ASSIGNMENT> Write the data out again, character for character, with no images.

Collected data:
[Start of section]

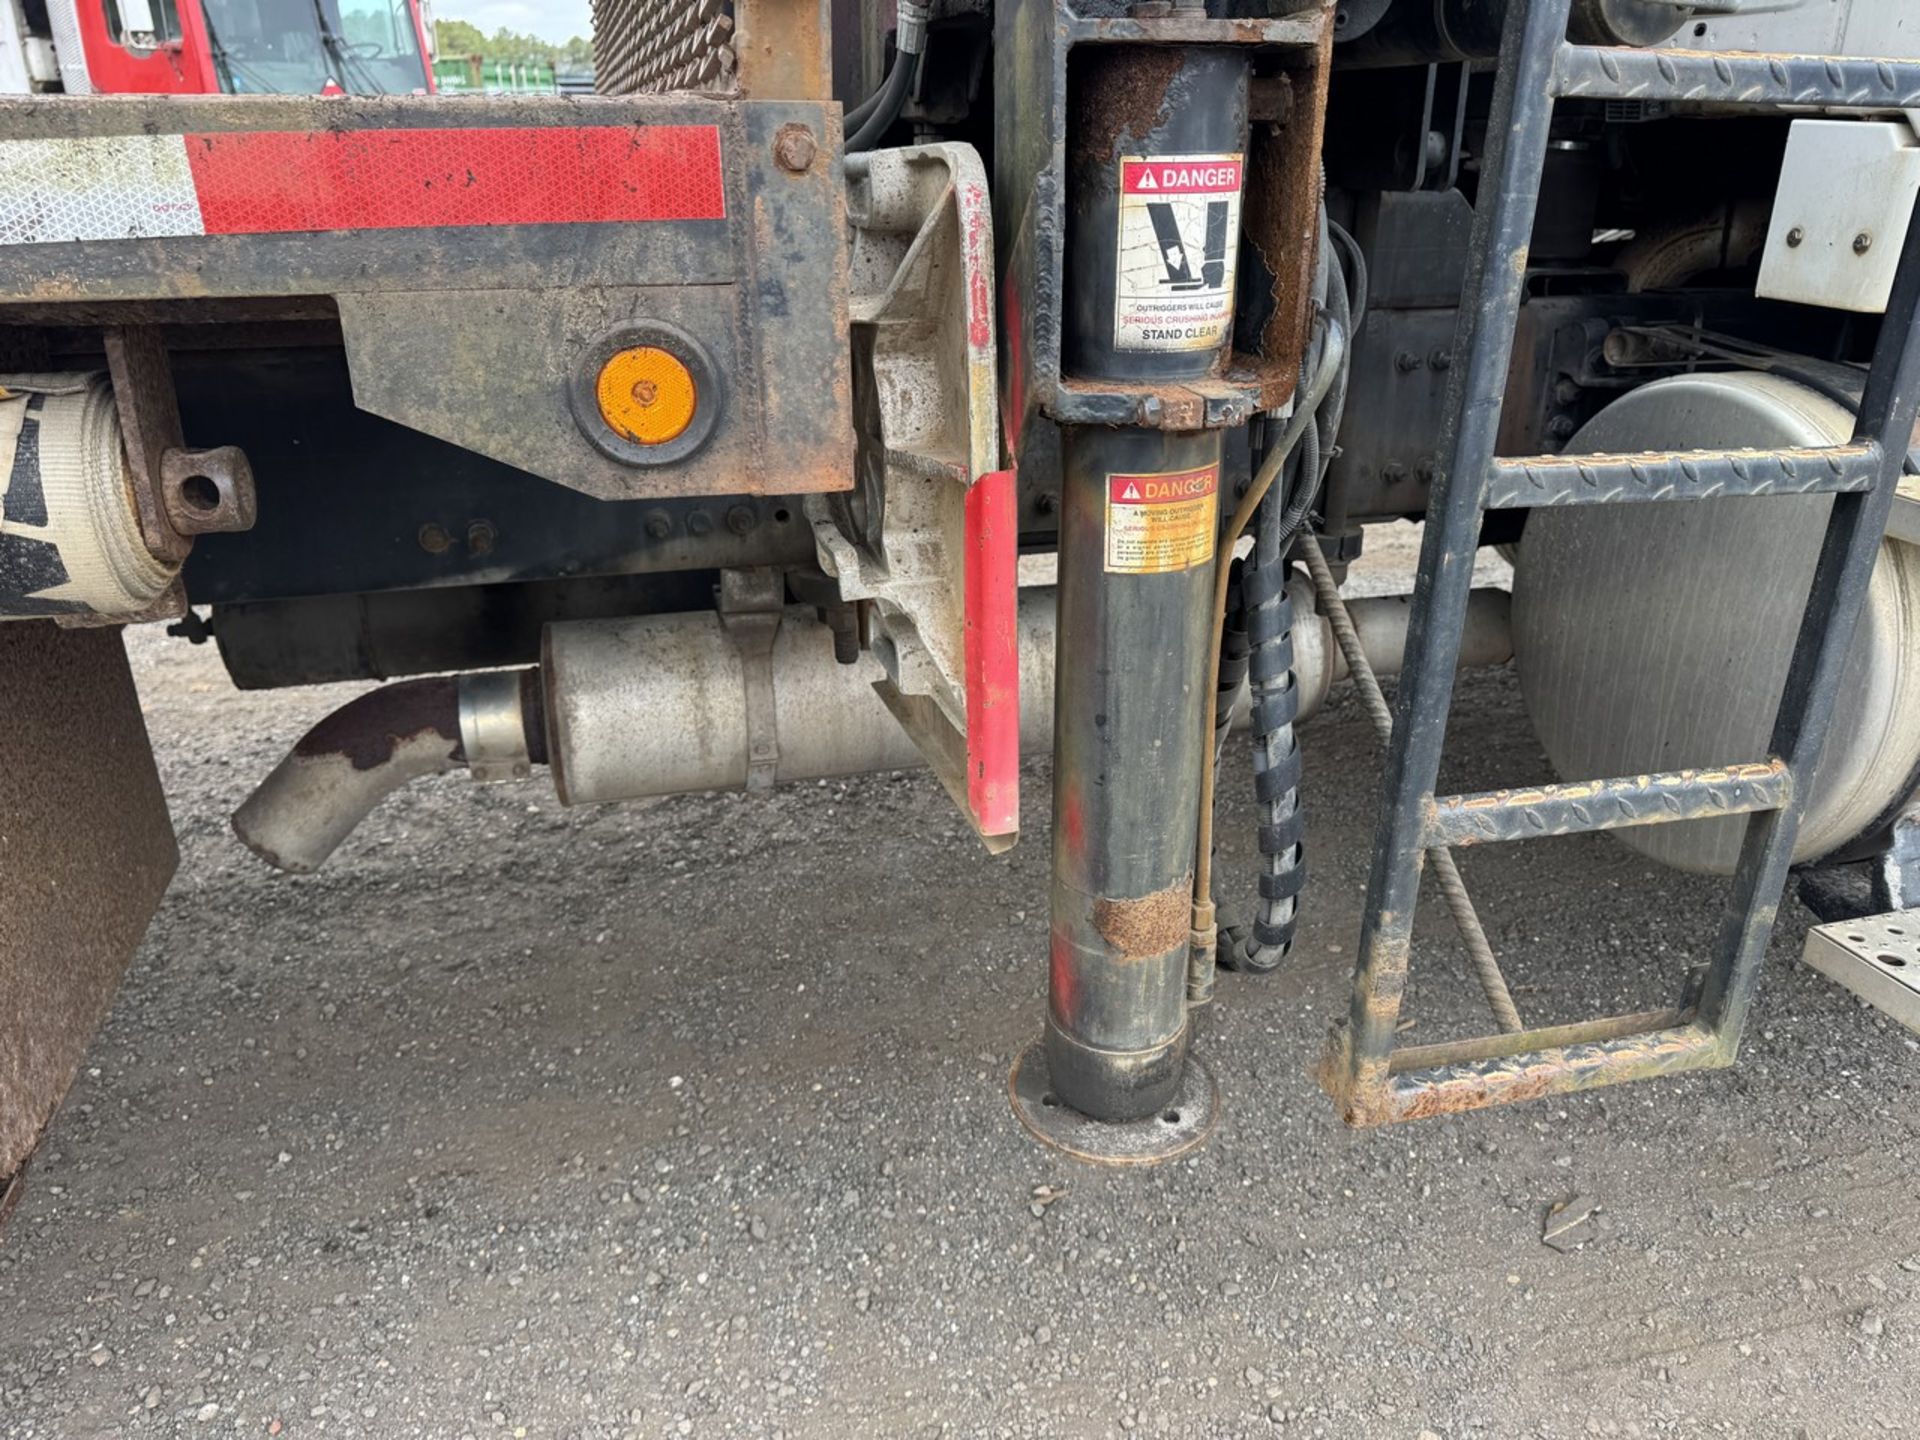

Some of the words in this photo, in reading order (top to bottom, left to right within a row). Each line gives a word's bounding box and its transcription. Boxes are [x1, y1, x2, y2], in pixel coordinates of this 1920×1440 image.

[1162, 167, 1236, 188] DANGER
[1136, 303, 1187, 312] OUTRIGGERS
[1188, 303, 1204, 311] WILL
[1122, 315, 1164, 325] SERIOUS
[1165, 313, 1209, 325] CRUSHING
[1142, 329, 1183, 340] STAND
[1184, 325, 1218, 339] CLEAR

[End of section]

PROBLEM SOLUTION>
Some of the words in this photo, in reading order (top to bottom, left to right within a row). Each line gives a word's bounding box and its transcription. Boxes are [x1, y1, x2, y2], in pixel coordinates of this 1920×1440 image.

[1162, 167, 1236, 188] DANGER
[1136, 303, 1187, 312] OUTRIGGERS
[1188, 303, 1204, 311] WILL
[1122, 315, 1164, 325] SERIOUS
[1165, 313, 1209, 325] CRUSHING
[1142, 329, 1183, 340] STAND
[1184, 325, 1218, 339] CLEAR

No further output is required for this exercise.